When it comes to interior design, sometimes the smallest details can create the most striking effects. The right shade of paint or the pattern in the countertops can really accentuate certain aspects of a room or the house as a whole. One small detail that many people overlook is their choice of metallics that are used in home fixtures. These metals can also change the feel of a room a surprising amount. We have a few tips for mixing metals in your home décor to make everything feel a little more cohesive.
Choose a Dominant Metal
Whether you’re designing a whole new addition to your home or just renovating a single room, choosing a dominant metal for your architecture and fixtures is key. Consider your kitchen; if your refrigerator and dishwasher are stainless steel, you want to keep that as your dominant metal since they take up so much space. Having your metallics stick to one major metal creates a more unified look.

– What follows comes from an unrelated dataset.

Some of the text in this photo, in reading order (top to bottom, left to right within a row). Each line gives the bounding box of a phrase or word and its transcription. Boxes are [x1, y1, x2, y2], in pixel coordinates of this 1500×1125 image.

Match Metal Tones With the Room
It’s important to consider the other tones in the room when deciding on metallics. If you have a lot of warmer tones throughout the room, contrasting that with a bright silver might be too stark of a difference to your eye. A warmer room needs a warmer metal, so if you have plenty of browns, yellows, and reds, a better choice would be a warmer metallic tone like gold or bronze. Conversely, a room that has a colder tone would look better with metallics such as silver or iron.

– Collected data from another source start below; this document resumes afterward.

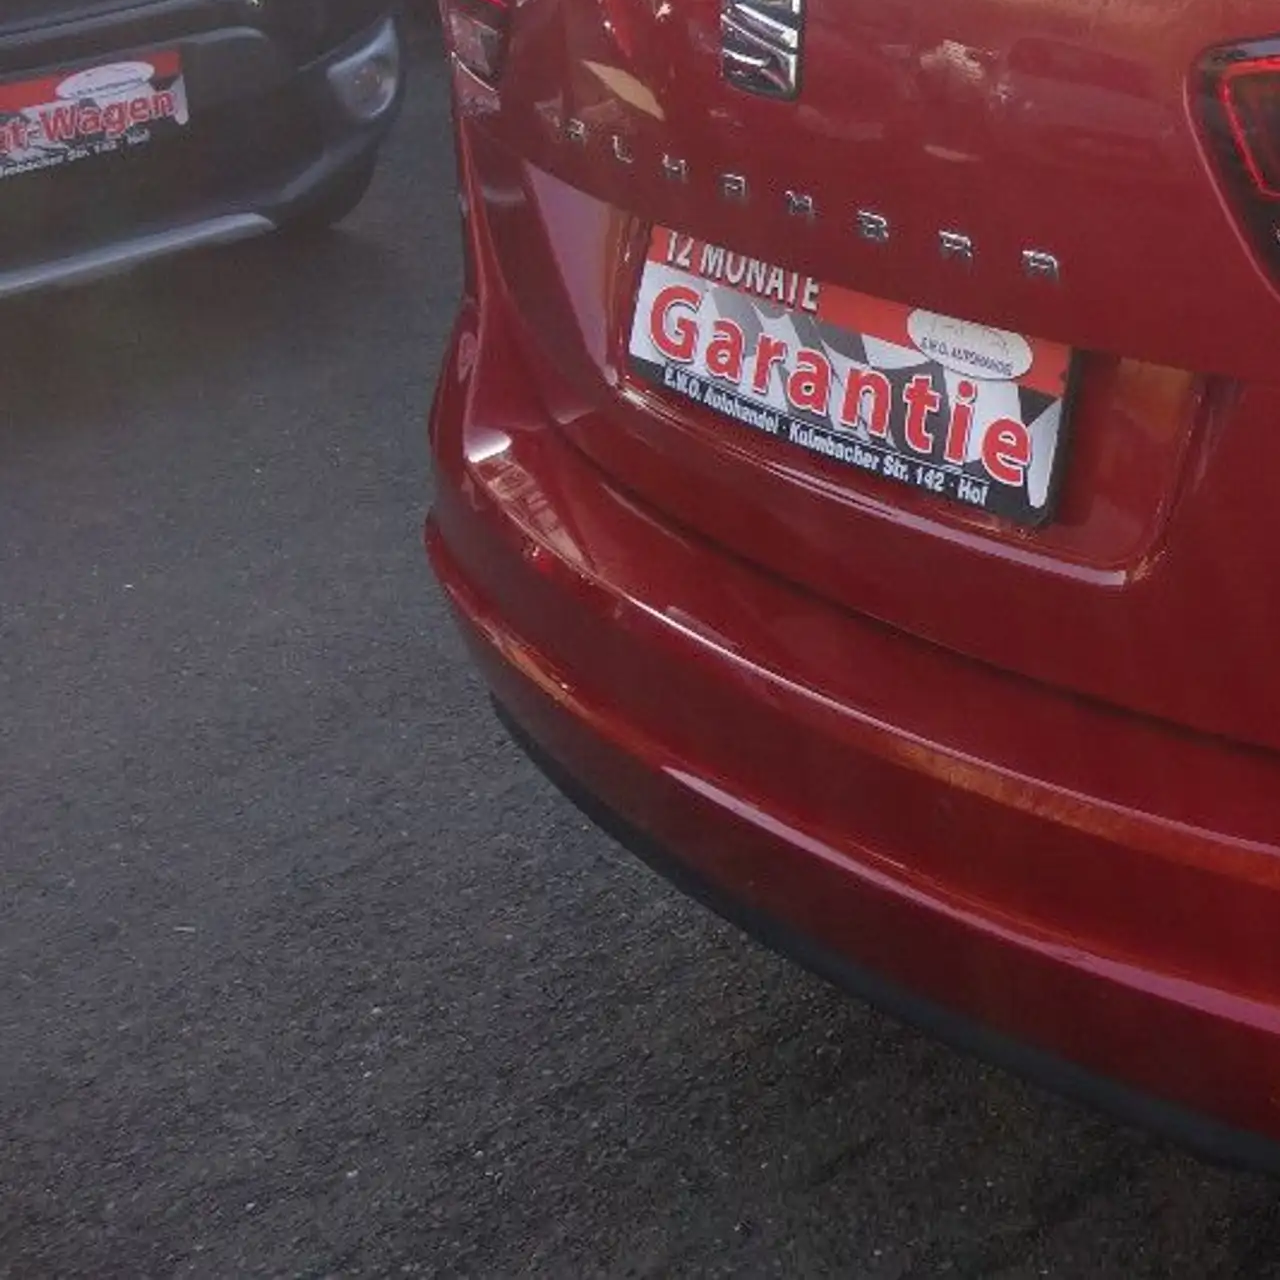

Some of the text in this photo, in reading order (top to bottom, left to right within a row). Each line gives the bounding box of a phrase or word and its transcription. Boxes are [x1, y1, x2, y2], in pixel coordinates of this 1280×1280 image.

[667, 231, 695, 268] 12
[648, 283, 1032, 487] Garantie
[702, 381, 780, 434] Autohandel
[788, 420, 880, 471] Kulmbacher
[882, 454, 909, 482] Str.
[914, 466, 946, 493] 142
[956, 476, 989, 506] Hof

Don’t Use Multiple Finishes
The color of the metal you use is only one decision you need to make. A good tip for mixing metals in your home is to have them share a similar finish to each other, even if the colors are different. For instance, you can have a room with a lot of silver and accents of gold or bronze, but these metals should have the same finish. A matte or satin finish to silver will look strange and out of place next to an extremely shiny gold or bronze.
Spread Out, Don’t Cluster
Metallics are great for drawing the eye toward specific places in the room. However, you don’t want this fact to work against you. If you cluster a lot of metallic pieces in a small area, the rest of the room will simply fade away into the background. Sprinkle in hints of metallics all around the room to make sure the eye isn’t too drawn to any one specific area.